En el caso de Cataluña, más vale reír que llorar. El Gobierno en funciones lleva días haciendo malabares lingüísticos para esconder que, sin estado de alarma, carece de competencias para prolongar el toque de queda y la limitación de movimiento dentro del territorio nacional --España, que hay que aclararlo con estos dirigentes--. Eso sí, mantiene el límite de seis personas por reunión, si la justicia lo avala. No hay que olvidar que los partidos catalanes llevan desde el 14 de febrero sin ponerse de acuerdo para formar Govern. ¿Esperamos que gestionen la pandemia como deben?
Hablando de estado de alarma, ¿por qué decae ahora, a pesar de la cantidad de hospitalizados que hay todavía? ¿Y a quién se le ocurre que finalice en domingo? Esto nos lleva a situaciones tan surrealistas como que el toque de queda del sábado (día 8) será de 22.00 a 00.00; a partir de las 00.01 del 9 de mayo ya estará permitida cualquier actividad en la calle, y el libre movimiento entre casas. El ocio nocturno sigue cerrado. ¿Quién controlará que se cumplan las medidas de prevención en los encuentros bajo techo? Nadie.

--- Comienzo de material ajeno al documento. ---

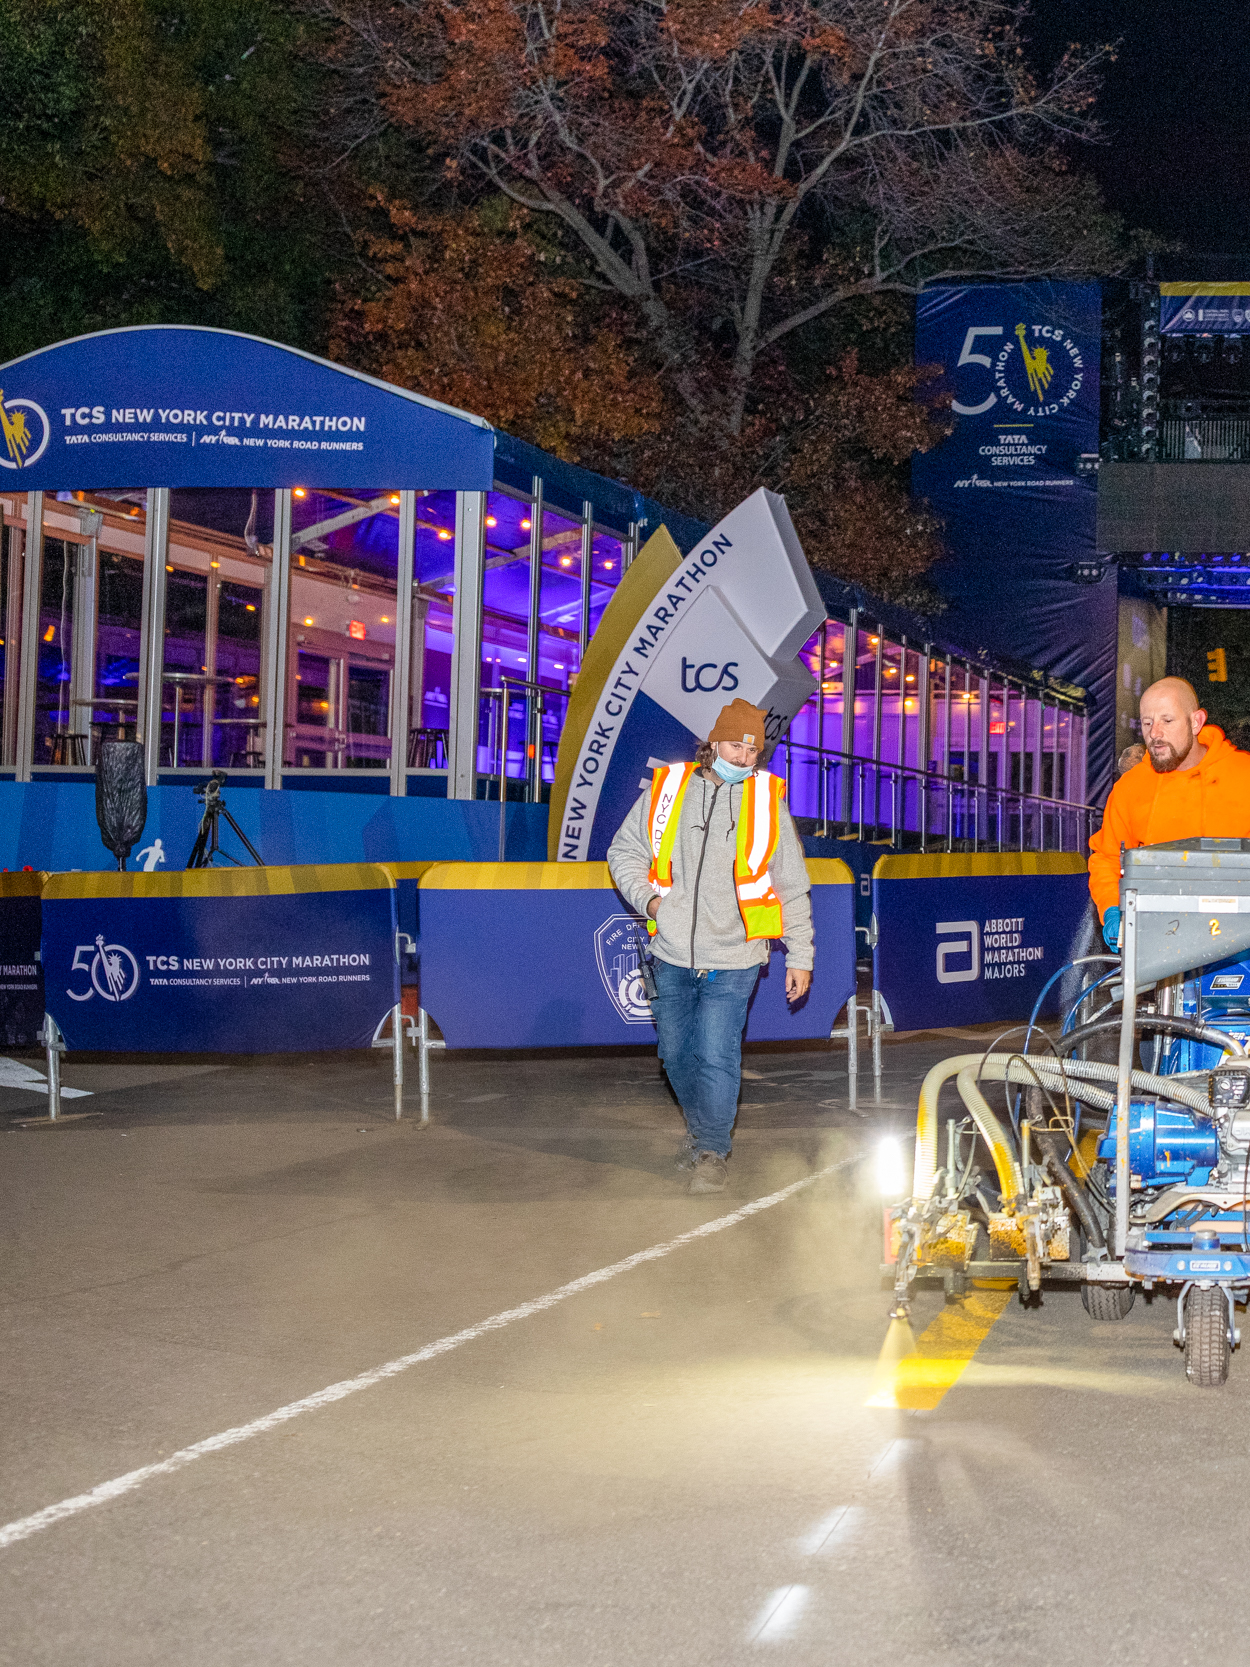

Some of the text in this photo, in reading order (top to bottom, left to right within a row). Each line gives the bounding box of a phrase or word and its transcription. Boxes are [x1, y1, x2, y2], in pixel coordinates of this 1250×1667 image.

[995, 325, 1084, 416] TCS NEW YORK CITY MARATHON
[61, 406, 366, 432] TCS NEW YORK CITY MARATHON
[65, 435, 89, 444] TATA
[91, 433, 149, 443] CONSULTANCY
[150, 433, 187, 443] SERVICES
[243, 438, 265, 446] NEW
[266, 439, 292, 448] YORK
[293, 441, 318, 449] ROAD
[320, 441, 364, 450] RUNNERS
[999, 435, 1028, 444] TATA
[979, 445, 1047, 455] CONSULTANCY
[991, 456, 1035, 465] SERVICES
[681, 656, 739, 693] tcs
[562, 532, 733, 861] NEW YORK CITY MARATHON
[654, 829, 663, 854] DO
[984, 917, 1025, 933] ABBOTT
[1208, 918, 1222, 936] 2
[605, 928, 623, 946] FIRE
[984, 932, 1021, 948] WORLD
[146, 954, 370, 970] TCS NEW YORK CITY MARATHON
[984, 946, 1044, 964] MARATHON
[3, 965, 37, 975] MARATHON
[318, 975, 337, 983] ROAD
[338, 974, 370, 982] RUNNERS
[984, 963, 1025, 980] MAJORS

Y con estos dislates llevamos desde el día 1 de la pandemia.
Otro sinsentido es el revuelo que se ha generado con la comida de la plantilla del Barça en casa de Messi. Es decir, se permite que los jugadores se entrenen juntos, disputen partidos, se abracen en las celebraciones de los goles y se marquen en los córners, pero no pueden reunirse para comer. Hay que darles un toque de atención, sí, pero ¿verdad que hay algo que no encaja? Como tampoco cuadran la laxitud de medidas de control en los aeropuertos; la libertad que se dio en Navidad y en Semana Santa; las afirmaciones de los responsables sanitarios sobre que en España habría uno o dos casos como mucho; la presencia de Pablo Iglesias en el Consejo de Ministros del 14 de marzo del 2020 a pesar de que estaba en cuarentena; el lío de mascarillas sí/no; o todo lo que se dice (y esconde) sobre las posibles secuelas de las vacunas, entre otros.

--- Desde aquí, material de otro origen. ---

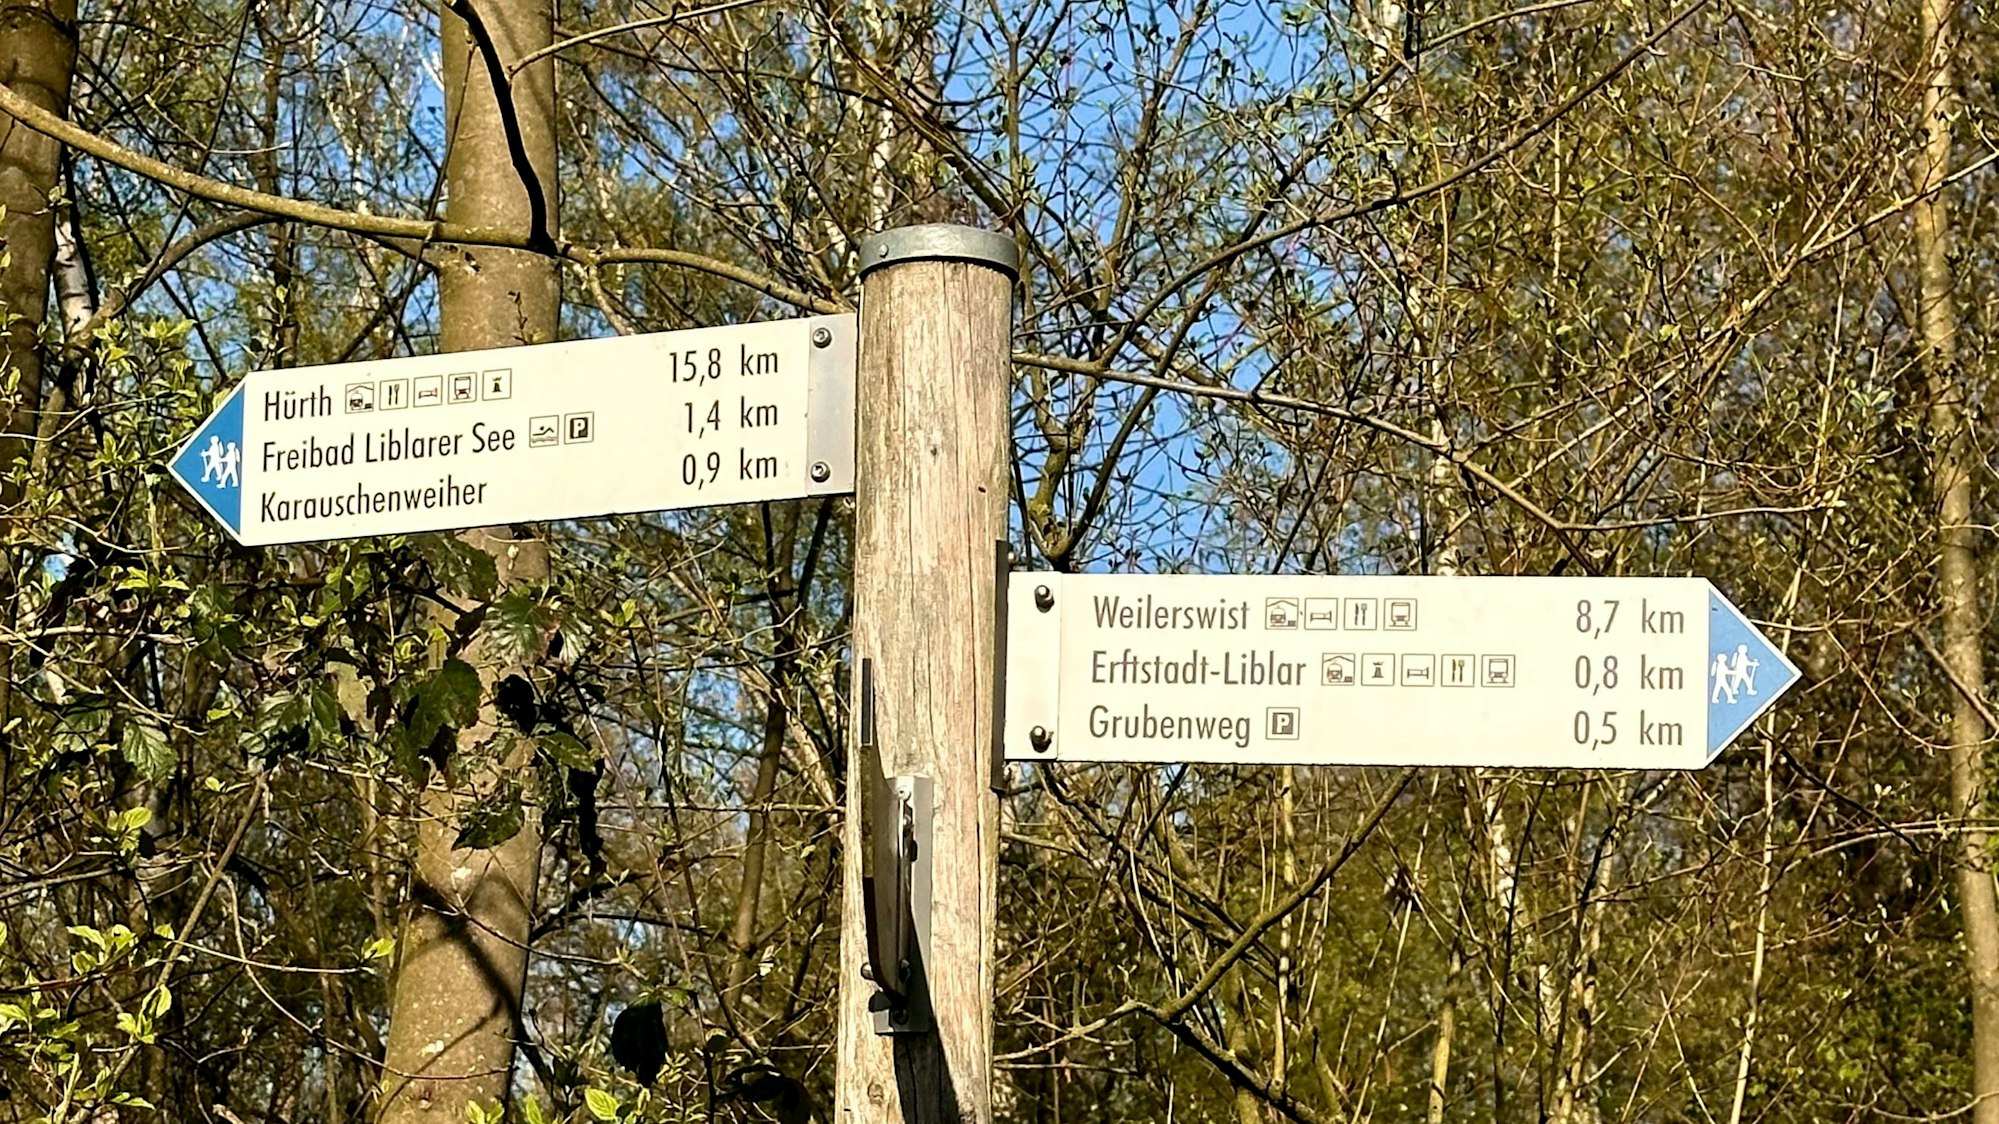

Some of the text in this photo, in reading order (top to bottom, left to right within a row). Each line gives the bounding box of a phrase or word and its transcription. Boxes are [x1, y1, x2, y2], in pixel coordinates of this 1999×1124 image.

[263, 343, 778, 422] Hürth 15,8 km
[262, 433, 354, 472] Freibad
[365, 427, 463, 463] Liblarer
[471, 422, 515, 454] See
[684, 399, 721, 439] 1,4
[740, 395, 778, 428] km
[260, 447, 777, 523] Karauschenweiher 0,9 km
[1093, 594, 1685, 640] Weilerswist 8,7 km
[1091, 648, 1684, 696] Erftstadt-Liblar 0,8 km
[1088, 703, 1251, 748] Grubenweg
[1573, 710, 1617, 751] 0,5
[1639, 709, 1683, 746] km
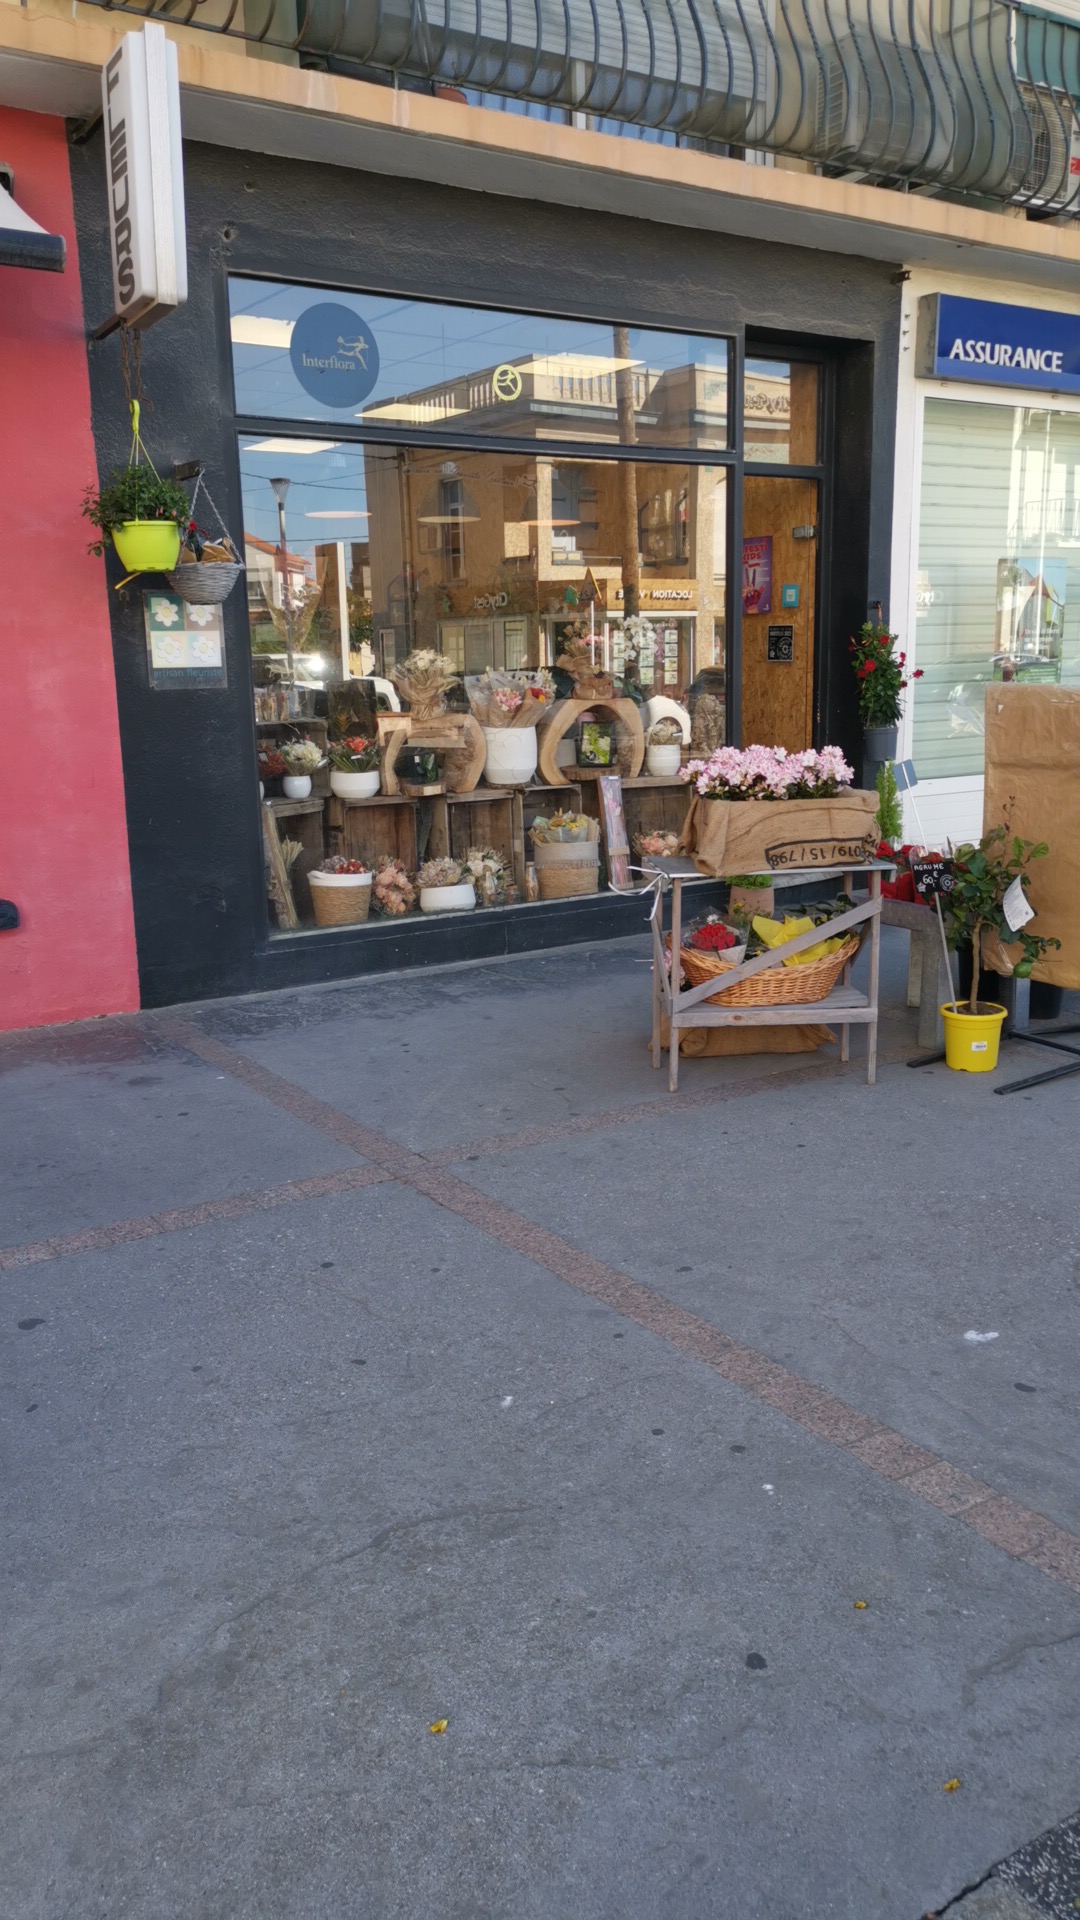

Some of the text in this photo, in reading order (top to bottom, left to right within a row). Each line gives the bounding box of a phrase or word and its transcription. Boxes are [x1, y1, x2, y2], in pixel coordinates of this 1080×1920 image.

[106, 46, 136, 306] FLEURS
[301, 352, 356, 371] Interflora
[949, 338, 1063, 373] ASSURANCE
[186, 667, 224, 678] fleuriste

Sea como sea, a partir del domingo se permitirá casi todo en Cataluña, dado que el horario de la restauración se alarga entonces hasta las once de la noche (aunque hay más hospitalizados que los que había en octubre, cuando se cerró el sector, y en noviembre, cuando se reabrió). Y sí, cada vez hay más vacunados, pero no, no parece que estemos en los niveles óptimos para volver a la normalidad.
Dicho esto, el Covid-19 se ha cobrado más de tres millones de vidas en algo más de un año. Solo por cáncer, murieron en 2020 unos 10 millones de ciudadanos, mientras se calcula que la insalubridad del medio ambiente mata a más de 12 millones de personas anuales. El coronavirus no es ninguna broma, pero ¿es motivo como para paralizar un planeta entero? Nunca lo sabremos.

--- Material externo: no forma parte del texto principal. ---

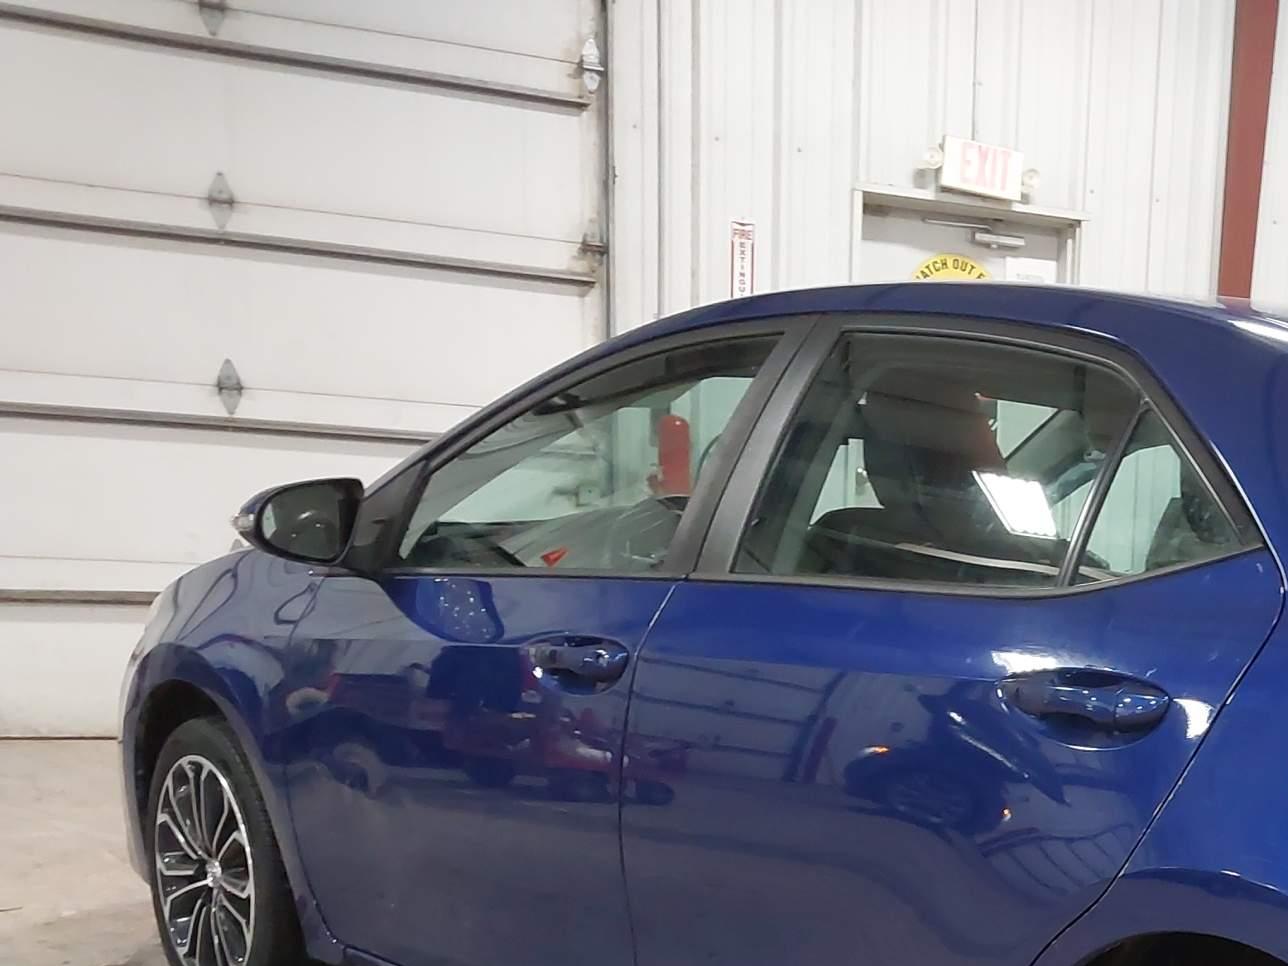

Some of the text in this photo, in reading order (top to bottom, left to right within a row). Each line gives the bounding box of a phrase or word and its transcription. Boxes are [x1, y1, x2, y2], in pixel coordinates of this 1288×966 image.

[960, 141, 1011, 192] EXIT
[733, 228, 753, 241] FIRE
[952, 258, 976, 276] OUT

Con la excusa del coronavirus, posiblemente, algunos han aprovechado para realizar el mayor experimento social de la historia, ayudados también por la velocidad de difusión de la información. Nos han metido el miedo en el cuerpo y el resultado no podía ser otro: estamos dormidos. Cada día más. Han logrado que ya nos cueste hasta indignarnos.